His dark eyes meet mine, and I don’t know if that’s sadness or desperation or regret or hope, but I know whatever’s going on in his brain and in his heart, it’s not pretty. “Please don’t tell me you can’t do this.”

“I need a kiss for good luck. And to stake my claim.”

“That’s not proper, Begonia. I’m still a Rutherford.”

“It’s necessary for my process.”

He studies me for one more beat, and just when I think he’s going to kiss me—please, please kiss me—instead, he turns to the room at large. “This is Begonia. She’s my girlfriend. We’re madly in love, and she’ll be doing the pre-interview screenings. Anyone who disrespects her will immediately be dismissed from consideration for the job.

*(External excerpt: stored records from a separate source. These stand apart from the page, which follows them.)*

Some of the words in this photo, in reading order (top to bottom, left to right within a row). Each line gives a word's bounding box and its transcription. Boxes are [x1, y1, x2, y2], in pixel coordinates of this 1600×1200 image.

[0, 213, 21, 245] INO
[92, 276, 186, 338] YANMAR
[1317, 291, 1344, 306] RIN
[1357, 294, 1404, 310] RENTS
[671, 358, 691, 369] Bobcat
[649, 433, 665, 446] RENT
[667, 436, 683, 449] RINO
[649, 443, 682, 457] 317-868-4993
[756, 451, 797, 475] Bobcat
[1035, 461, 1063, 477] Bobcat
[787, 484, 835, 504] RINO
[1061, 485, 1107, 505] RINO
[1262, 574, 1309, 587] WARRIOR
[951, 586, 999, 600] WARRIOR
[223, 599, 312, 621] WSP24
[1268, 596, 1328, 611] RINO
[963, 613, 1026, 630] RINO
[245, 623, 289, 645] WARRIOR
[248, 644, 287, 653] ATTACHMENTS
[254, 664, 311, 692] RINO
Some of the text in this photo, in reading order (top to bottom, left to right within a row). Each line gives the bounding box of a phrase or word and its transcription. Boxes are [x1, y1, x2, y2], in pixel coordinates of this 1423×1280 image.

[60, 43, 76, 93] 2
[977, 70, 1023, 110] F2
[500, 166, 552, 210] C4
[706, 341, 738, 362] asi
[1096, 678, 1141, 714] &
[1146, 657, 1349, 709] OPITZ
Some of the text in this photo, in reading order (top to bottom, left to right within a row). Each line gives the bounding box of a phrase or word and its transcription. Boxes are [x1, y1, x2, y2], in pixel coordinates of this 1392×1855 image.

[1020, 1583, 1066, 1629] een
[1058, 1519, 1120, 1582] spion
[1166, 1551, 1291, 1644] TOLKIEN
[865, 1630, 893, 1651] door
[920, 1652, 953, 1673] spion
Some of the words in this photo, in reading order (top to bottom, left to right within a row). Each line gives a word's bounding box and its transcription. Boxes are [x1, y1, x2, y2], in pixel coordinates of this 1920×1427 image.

Am I clear?”

Murmurs and head-bobs affirm he’s made his point.

“That was less helpful,” I whisper to him.

“I have faith in you, my bluebell.”

He drops my hand and strides through the sea of women, leaving Nikolay, Marshmallow, and me to watch.

And I realize I’ve already decided at least four of the women won’t work out at all, because I don’t like how they’re looking at his ass.

“Just point, and I’ll escort them out,” Nikolay says to me.

“I can’t really tell someone they can’t have a job just because I’m feeling jealous.”

“You know people,” he replies. “Point. Do not feel bad. It’s now, or it’s several inappropriate passes at work later. This world is cutthroat, Begonia. Consider what Mr. Rutherford needs, and I’ll handle the rest.”